I have been clearing the myths about creatine in parts, in different videos on my channel We R Stupid, time and again. This is because creatine is an extensive topic, and one video will not be able to justify the amount of research involved in this subject.
This time we are discussing another common doubt related to creatine, i.e. “What is the best time to take creatine?”
For the answer to the best time to take creatine, there have been mainly two types of prescriptions from various coaches or supplement dealers:
- Pre Workout – which is due to the argument that it will increase strength and power output during the workout.
- Post Workout – this argument was based on the age-old concept of enhanced nutrient absorption post-workout, so creatine would be absorbed better.
A 2013 study in the International Journal of Sports Science & Nutrition, by Jose Antonio & V. Ciccone, tested the best time to take creatine intake, on 19 male bodybuilders. Subjects were assigned to one of the following groups: PRE-SUPP or POST-SUPP workout supplementation of creatine (5 grams). The PRE-SUPP group consumed 5 grams of creatine immediately before exercise. On the other hand, the POST-SUPP group consumed 5 grams immediately after exercise. Subjects trained on average five days per week for four weeks. Subjects consumed the supplement on the two non-training days at their convenience. The study concluded that creatine supplementation plus resistance exercise increases fat-free mass and strength. Based on the magnitude inferences it appears that consuming creatine immediately post-workout is superior to pre-workout vis a vis body composition and strength.
However, the problem with this study was that the difference observed was extremely little, which actually means that the timing didn’t matter. The conclusion was merely for the sake of the concluding. When the study was broken down on a case-by-case basis, they did not find any significant differences between the groups, but they did find a trend that suggested that there may be a difference.
Another study by a team of Canadian researchers, led by D.G. Candow, in 2014 in the journal Research in Sports Medicine, compared the effects of creatine supplementation before vs. after supervised resistance training in healthy older adults as compared to a placebo. Participants were divided into one of two groups: Resistance training (RT) was performed 3 days/week, on non-consecutive days, for 12 weeks. Over the 12-week training period, both groups experienced a significant increase in whole-body lean tissue mass, limb muscle thickness, and upper and lower body strength and a decrease in muscle protein catabolism, with no differences between groups. Changes in muscle mass or strength were seen to be similar when creatine was ingested before or after supervised resistance training in older adults.
In a 2015 study in the journal Applied Physiology, Nutrition & Metabolism, by D.G. Candow & team, studied creatine intake timings in older adults (50-71 years), as compared to a placebo. They found that Creatine supplementation, independent of the timing of ingestion, increased muscle strength more than placebo. However, the researchers also suggested that creatine supplementation in close proximity to resistance training may be an important strategy for increasing muscle mass and strength.

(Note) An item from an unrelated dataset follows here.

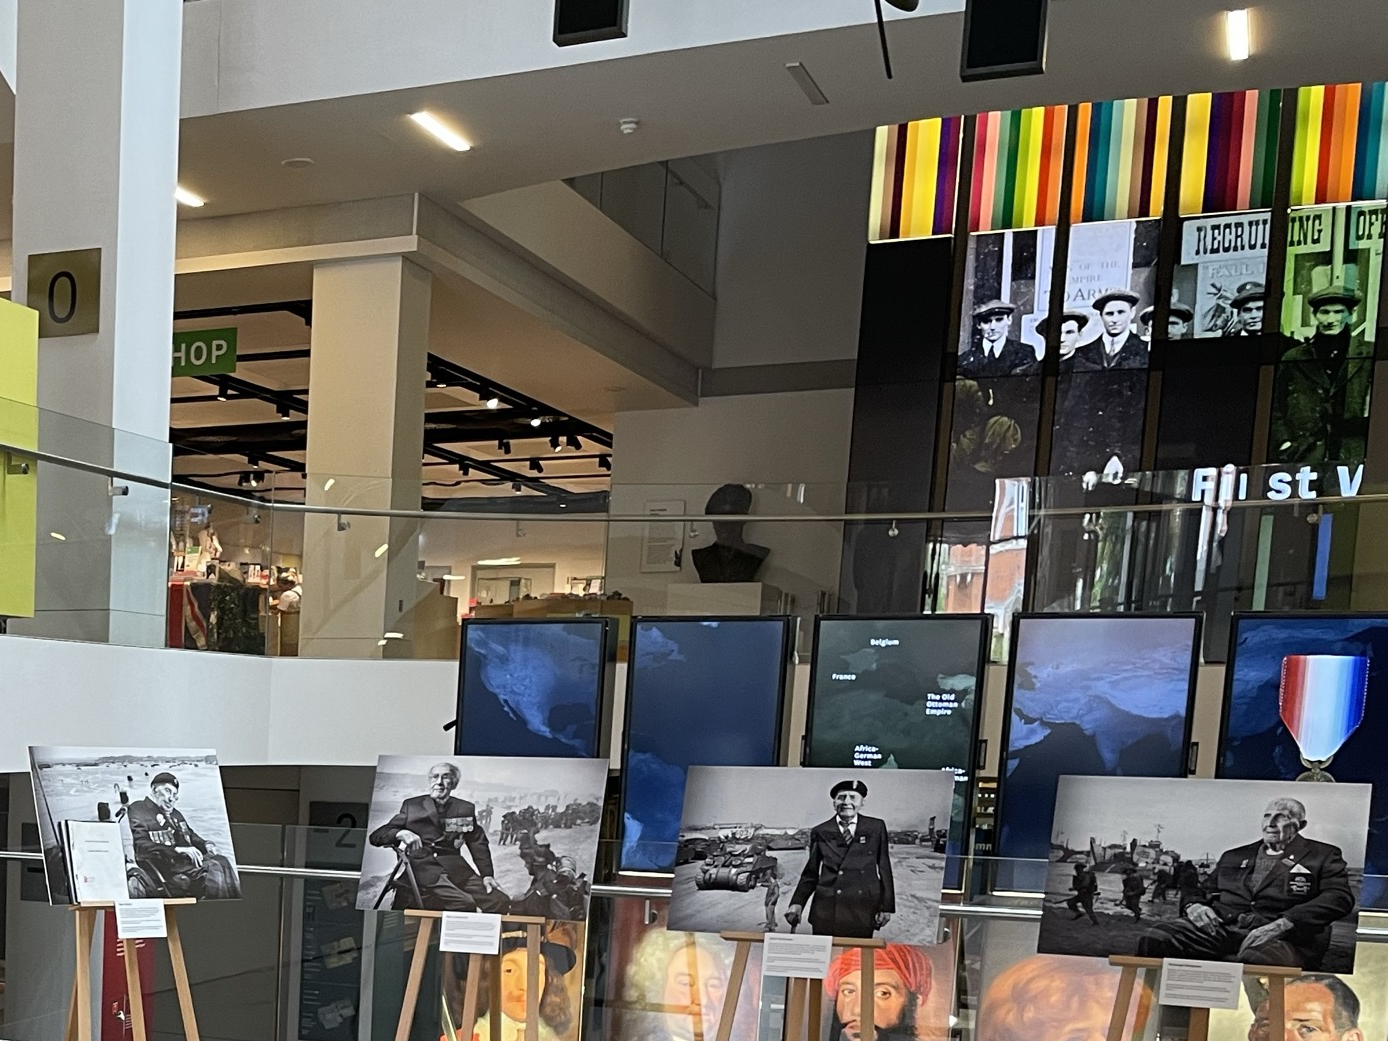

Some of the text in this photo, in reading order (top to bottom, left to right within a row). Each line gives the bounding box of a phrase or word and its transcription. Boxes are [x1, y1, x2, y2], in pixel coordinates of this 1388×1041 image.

I couldn’t find any study which dictates the best time to take creatine intake conclusively. According to Kamal Patel of examine.com, “As creatine is stored in the body, you can take it any time. While some personal trainers recommend taking it after a workout, this has no difference in uptake.”
As a final conclusion, I would suggest, that creatine can be taken anytime, better would be to take to near to your workout.